►
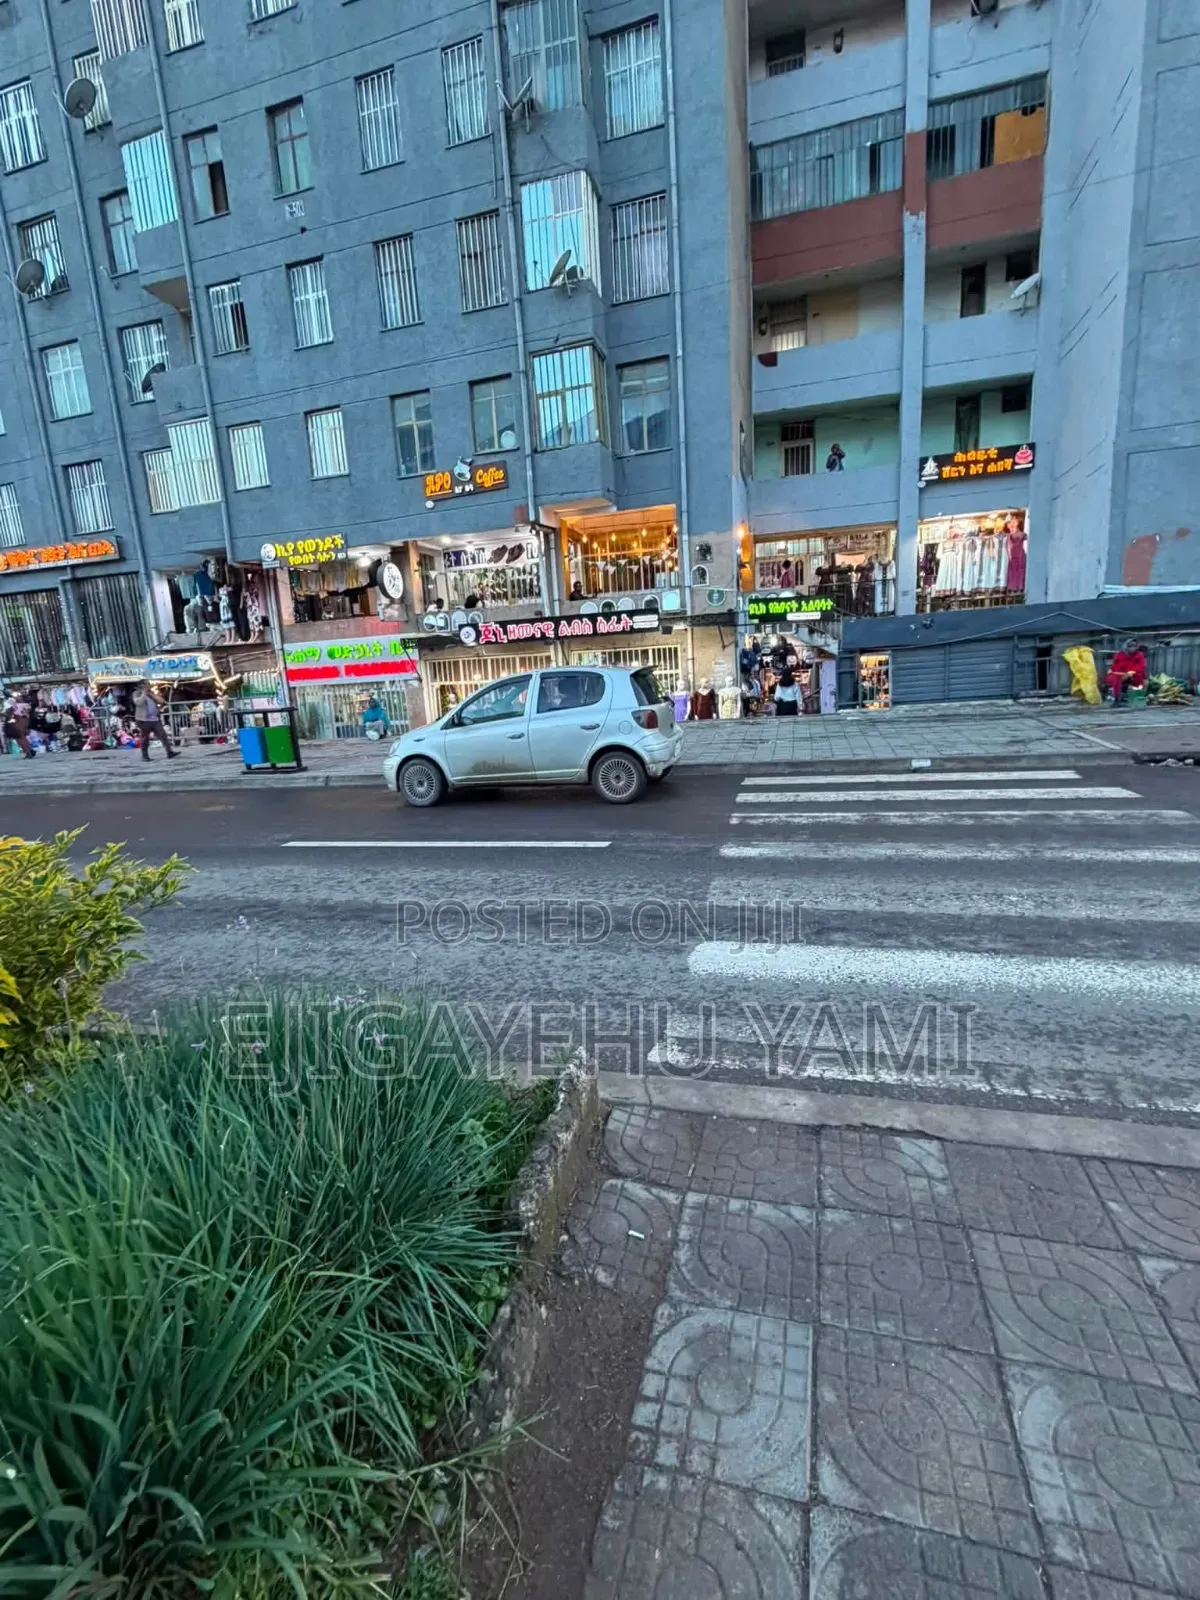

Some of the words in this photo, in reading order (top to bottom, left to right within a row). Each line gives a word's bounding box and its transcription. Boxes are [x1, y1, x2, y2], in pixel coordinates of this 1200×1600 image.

[476, 467, 505, 488] Coffee
[507, 620, 555, 641] ዘመናዊ
[557, 617, 593, 637] ልብስ
[596, 613, 633, 635] ስፌት
◄
_TASK DIRECTIONS_
All of the material above should be written out exactly as given, minus any images.

_TASK RESULT_
Some of the words in this photo, in reading order (top to bottom, left to right within a row). Each line gives a word's bounding box and its transcription. Boxes are [x1, y1, x2, y2], in pixel coordinates of this 1200×1600 image.

[476, 467, 505, 488] Coffee
[507, 620, 555, 641] ዘመናዊ
[557, 617, 593, 637] ልብስ
[596, 613, 633, 635] ስፌት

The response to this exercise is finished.